Corson passa trois décades sur la plage. Des vacances, en somme. Mais il consacra l’essentiel de son temps à la mise au point du plan. Il dessina sur le sable, de mémoire, un schéma détaillé du camp de Veran. Il aurait fort peu de temps pour conduire les deux fugitifs au parc des hipprones et il ne serait pas question de trébucher sur un piquet de tente ou de se perdre dans les dédales des allées. Il choisit aussi les principaux traits des personnalités factices dont il doterait les réanimées. Il ignorait encore comment il les transporterait de la planète-mausolée sur Uria, mais il serait temps d’y penser quand il aurait rempli les phases précédentes du programme.
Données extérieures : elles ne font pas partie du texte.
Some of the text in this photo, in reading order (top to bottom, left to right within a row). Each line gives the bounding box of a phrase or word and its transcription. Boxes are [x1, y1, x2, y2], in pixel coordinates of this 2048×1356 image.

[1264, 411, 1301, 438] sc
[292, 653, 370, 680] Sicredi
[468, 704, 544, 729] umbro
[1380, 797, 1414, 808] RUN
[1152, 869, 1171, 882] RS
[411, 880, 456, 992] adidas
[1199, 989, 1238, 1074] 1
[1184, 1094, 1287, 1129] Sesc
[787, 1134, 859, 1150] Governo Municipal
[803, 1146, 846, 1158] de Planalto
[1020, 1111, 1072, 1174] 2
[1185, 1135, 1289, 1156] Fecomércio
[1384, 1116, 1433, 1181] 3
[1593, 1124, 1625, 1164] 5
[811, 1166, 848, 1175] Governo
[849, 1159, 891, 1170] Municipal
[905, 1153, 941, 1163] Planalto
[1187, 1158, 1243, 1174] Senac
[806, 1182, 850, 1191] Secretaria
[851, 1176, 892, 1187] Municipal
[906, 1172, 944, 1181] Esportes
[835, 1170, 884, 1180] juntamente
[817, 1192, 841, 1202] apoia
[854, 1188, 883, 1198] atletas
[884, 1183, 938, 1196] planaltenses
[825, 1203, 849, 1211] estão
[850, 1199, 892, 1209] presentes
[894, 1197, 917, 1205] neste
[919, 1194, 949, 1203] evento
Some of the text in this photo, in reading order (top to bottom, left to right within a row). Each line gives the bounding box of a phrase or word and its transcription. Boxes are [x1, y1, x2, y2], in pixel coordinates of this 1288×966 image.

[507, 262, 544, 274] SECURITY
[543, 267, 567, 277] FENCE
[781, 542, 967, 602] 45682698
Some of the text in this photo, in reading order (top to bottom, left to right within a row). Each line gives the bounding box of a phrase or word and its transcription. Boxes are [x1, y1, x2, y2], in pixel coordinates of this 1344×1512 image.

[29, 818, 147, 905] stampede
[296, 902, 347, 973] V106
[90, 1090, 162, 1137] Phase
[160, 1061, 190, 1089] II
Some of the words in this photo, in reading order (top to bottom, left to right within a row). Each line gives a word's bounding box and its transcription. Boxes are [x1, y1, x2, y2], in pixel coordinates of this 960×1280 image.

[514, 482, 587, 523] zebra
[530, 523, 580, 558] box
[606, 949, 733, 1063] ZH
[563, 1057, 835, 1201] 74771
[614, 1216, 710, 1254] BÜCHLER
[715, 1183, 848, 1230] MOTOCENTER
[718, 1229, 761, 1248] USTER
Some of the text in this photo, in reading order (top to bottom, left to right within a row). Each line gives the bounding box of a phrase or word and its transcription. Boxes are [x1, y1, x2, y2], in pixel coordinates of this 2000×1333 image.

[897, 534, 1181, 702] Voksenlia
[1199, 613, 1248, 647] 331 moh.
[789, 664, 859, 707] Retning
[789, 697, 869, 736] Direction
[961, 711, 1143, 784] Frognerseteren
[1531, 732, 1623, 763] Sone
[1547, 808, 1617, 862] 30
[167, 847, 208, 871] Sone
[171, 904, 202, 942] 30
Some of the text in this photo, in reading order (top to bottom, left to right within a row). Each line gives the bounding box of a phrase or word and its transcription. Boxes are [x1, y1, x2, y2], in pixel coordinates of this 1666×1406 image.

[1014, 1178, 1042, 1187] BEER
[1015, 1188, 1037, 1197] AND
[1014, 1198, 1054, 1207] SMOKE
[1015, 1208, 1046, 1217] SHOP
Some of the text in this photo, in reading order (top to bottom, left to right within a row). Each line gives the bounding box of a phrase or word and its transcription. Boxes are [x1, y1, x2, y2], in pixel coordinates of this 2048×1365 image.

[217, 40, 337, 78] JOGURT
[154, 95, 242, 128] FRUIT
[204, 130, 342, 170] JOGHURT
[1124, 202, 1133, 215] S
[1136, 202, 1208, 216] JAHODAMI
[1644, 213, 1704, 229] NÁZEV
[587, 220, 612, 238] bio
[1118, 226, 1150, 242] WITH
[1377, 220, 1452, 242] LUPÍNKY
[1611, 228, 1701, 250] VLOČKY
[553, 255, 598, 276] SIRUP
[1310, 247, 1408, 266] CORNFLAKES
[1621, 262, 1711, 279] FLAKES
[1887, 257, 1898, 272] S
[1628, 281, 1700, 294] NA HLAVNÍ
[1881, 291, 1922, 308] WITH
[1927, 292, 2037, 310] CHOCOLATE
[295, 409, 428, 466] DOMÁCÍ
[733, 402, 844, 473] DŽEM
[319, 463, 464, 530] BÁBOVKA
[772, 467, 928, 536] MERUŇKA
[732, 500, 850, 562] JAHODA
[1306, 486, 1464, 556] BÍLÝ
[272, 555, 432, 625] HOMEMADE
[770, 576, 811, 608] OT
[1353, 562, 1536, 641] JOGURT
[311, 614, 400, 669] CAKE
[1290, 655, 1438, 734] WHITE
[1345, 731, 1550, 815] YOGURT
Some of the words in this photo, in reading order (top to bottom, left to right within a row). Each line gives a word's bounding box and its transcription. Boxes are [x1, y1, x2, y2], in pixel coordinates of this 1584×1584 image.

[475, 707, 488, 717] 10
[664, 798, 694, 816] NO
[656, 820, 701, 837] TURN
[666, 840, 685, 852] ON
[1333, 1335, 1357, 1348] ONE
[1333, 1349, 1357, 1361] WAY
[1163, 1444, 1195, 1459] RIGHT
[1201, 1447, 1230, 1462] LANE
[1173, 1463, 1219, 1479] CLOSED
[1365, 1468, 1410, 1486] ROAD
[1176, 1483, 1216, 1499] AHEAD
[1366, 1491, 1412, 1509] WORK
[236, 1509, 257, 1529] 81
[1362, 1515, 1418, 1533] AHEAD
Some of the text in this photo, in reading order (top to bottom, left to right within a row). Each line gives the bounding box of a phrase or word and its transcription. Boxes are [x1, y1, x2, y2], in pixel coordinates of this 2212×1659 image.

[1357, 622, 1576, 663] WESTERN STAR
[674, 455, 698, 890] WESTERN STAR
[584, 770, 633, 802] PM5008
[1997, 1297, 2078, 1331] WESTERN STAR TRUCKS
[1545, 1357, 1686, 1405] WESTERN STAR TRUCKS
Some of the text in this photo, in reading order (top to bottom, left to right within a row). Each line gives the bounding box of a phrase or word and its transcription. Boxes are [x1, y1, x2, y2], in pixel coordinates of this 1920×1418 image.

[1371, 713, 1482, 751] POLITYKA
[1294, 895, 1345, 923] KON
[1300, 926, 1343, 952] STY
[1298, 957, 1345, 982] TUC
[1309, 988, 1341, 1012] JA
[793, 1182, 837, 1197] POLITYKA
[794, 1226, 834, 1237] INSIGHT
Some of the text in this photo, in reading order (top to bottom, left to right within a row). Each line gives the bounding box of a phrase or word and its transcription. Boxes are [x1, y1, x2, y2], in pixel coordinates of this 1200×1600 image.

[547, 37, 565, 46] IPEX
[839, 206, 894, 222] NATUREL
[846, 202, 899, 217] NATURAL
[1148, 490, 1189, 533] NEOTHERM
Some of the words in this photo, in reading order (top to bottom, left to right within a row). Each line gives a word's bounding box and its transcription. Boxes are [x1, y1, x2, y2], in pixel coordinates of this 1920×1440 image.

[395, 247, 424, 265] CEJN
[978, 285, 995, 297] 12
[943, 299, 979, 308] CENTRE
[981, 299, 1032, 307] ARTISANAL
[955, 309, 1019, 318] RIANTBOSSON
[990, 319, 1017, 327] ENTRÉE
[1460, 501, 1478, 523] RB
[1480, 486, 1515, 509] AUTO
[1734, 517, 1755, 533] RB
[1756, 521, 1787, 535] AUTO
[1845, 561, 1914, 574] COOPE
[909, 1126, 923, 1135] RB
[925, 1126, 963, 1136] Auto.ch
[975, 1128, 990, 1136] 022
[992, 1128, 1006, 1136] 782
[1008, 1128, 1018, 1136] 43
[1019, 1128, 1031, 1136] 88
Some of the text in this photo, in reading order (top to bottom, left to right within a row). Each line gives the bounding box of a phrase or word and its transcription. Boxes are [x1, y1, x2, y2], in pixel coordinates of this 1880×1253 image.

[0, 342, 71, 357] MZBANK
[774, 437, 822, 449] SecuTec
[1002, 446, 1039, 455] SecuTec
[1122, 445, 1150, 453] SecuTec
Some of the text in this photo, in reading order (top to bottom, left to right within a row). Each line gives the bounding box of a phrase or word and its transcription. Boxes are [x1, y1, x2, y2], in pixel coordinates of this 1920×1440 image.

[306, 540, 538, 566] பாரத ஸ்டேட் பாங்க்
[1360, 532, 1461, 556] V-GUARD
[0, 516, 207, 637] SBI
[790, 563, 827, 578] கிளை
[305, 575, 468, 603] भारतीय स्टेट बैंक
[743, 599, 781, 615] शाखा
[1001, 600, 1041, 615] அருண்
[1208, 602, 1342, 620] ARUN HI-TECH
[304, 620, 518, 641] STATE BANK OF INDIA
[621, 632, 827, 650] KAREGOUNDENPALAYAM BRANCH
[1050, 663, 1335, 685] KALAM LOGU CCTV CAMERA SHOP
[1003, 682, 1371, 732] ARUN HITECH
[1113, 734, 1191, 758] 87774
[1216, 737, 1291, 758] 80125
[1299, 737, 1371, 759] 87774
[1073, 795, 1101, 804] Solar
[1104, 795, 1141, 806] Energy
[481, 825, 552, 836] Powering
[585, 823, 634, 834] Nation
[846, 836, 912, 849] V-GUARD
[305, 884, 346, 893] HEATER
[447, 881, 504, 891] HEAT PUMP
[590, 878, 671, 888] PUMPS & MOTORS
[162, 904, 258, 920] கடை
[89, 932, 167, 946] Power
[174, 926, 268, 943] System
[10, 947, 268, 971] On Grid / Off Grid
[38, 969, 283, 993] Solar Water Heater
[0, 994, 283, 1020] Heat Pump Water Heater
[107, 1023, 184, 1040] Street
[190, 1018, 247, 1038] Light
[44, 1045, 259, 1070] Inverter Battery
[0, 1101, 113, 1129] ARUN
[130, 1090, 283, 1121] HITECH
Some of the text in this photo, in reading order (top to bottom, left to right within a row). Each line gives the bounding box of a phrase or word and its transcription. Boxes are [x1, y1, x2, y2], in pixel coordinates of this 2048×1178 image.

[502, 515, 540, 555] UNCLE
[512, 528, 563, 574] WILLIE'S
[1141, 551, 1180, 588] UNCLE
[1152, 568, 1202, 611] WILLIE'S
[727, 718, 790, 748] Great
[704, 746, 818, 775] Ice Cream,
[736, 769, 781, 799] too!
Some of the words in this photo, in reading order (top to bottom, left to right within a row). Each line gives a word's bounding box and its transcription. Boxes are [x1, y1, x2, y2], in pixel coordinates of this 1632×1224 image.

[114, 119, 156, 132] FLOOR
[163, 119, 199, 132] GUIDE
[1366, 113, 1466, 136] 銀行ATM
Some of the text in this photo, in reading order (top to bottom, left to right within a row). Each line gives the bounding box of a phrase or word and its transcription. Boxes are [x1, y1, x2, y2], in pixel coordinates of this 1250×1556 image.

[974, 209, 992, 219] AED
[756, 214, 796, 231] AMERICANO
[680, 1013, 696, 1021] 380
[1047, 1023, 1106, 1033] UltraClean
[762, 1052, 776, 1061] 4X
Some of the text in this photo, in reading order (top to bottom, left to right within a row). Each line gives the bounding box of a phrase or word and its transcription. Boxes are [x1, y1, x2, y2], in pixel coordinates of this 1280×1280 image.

Le reste du temps, il se baignait, parlait ou jouait avec Antonella, ou encore participait aux activités du conseil. Elles ne semblaient guère astreignantes, à première vue, mais, peu à peu, il prit la mesure des responsabilités qui pesaient sur Cid, Selma et l’autre femme qui se nommait Ana. Il leur arrivait de disparaître pour des périodes de temps allant de quelques heures à plusieurs jours. Plusieurs fois, Corson les vit revenir harassés, incapables de prononcer un mot. Des étrangers surgissaient parfois du néant, demandaient conseil ou apportaient des informations. Pendant de longues heures, presque chaque jour, un des membres au moins du conseil établissait le contact avec Aergistal. C’était le plus souvent le cas des deux femmes. Peut-être étaient-elles plus avancées que Cid dans la voie de la maîtrise du temps ? Ou bien ceux d’Aergistal préféraient-ils avoir des interlocutrices ? Certaines de ces séances paraissaient particulièrement éprouvantes. Il fut éveillé, une fois, par des hurlements. Ana se tordait sur le sable, apparemment en proie à une crise d’épilepsie. Avant qu’il ait eu le temps d’intervenir, Cid et Selma s’étaient allongés des deux côtés de la femme et étaient entrés, à leur tour, en contact. Les plaintes et les soubresauts d’Ana avaient cessé en quelques minutes. Le lendemain, Corson n’avait pas osé poser de questions.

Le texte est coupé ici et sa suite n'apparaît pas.